━━━━━ Provided data ━━━━━
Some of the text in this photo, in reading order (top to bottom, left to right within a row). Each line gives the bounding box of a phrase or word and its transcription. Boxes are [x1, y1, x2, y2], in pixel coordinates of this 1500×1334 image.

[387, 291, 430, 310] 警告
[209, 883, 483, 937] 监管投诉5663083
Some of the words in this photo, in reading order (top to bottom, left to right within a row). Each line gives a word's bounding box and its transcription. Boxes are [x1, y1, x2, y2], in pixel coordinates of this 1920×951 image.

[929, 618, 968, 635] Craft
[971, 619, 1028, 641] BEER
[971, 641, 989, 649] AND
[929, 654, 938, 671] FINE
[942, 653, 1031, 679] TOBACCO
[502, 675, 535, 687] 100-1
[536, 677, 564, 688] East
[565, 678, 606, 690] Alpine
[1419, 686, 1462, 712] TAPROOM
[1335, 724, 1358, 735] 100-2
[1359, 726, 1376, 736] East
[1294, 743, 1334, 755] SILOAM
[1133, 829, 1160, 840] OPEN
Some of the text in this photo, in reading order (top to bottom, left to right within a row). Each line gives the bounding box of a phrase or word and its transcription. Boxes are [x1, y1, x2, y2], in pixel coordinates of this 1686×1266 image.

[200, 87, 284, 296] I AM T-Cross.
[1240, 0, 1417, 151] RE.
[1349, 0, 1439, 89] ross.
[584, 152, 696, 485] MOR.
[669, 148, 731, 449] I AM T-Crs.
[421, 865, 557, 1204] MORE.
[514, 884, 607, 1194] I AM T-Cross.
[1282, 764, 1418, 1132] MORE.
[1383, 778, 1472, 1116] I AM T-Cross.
━━━━━
Transcribe each entry word for word.

→ **Response box**
Some of the text in this photo, in reading order (top to bottom, left to right within a row). Each line gives the bounding box of a phrase or word and its transcription. Boxes are [x1, y1, x2, y2], in pixel coordinates of this 1500×1334 image.

[387, 291, 430, 310] 警告
[209, 883, 483, 937] 监管投诉5663083
Some of the words in this photo, in reading order (top to bottom, left to right within a row). Each line gives a word's bounding box and its transcription. Boxes are [x1, y1, x2, y2], in pixel coordinates of this 1920×951 image.

[929, 618, 968, 635] Craft
[971, 619, 1028, 641] BEER
[971, 641, 989, 649] AND
[929, 654, 938, 671] FINE
[942, 653, 1031, 679] TOBACCO
[502, 675, 535, 687] 100-1
[536, 677, 564, 688] East
[565, 678, 606, 690] Alpine
[1419, 686, 1462, 712] TAPROOM
[1335, 724, 1358, 735] 100-2
[1359, 726, 1376, 736] East
[1294, 743, 1334, 755] SILOAM
[1133, 829, 1160, 840] OPEN
Some of the text in this photo, in reading order (top to bottom, left to right within a row). Each line gives the bounding box of a phrase or word and its transcription. Boxes are [x1, y1, x2, y2], in pixel coordinates of this 1686×1266 image.

[200, 87, 284, 296] I AM T-Cross.
[1240, 0, 1417, 151] RE.
[1349, 0, 1439, 89] ross.
[584, 152, 696, 485] MOR.
[669, 148, 731, 449] I AM T-Crs.
[421, 865, 557, 1204] MORE.
[514, 884, 607, 1194] I AM T-Cross.
[1282, 764, 1418, 1132] MORE.
[1383, 778, 1472, 1116] I AM T-Cross.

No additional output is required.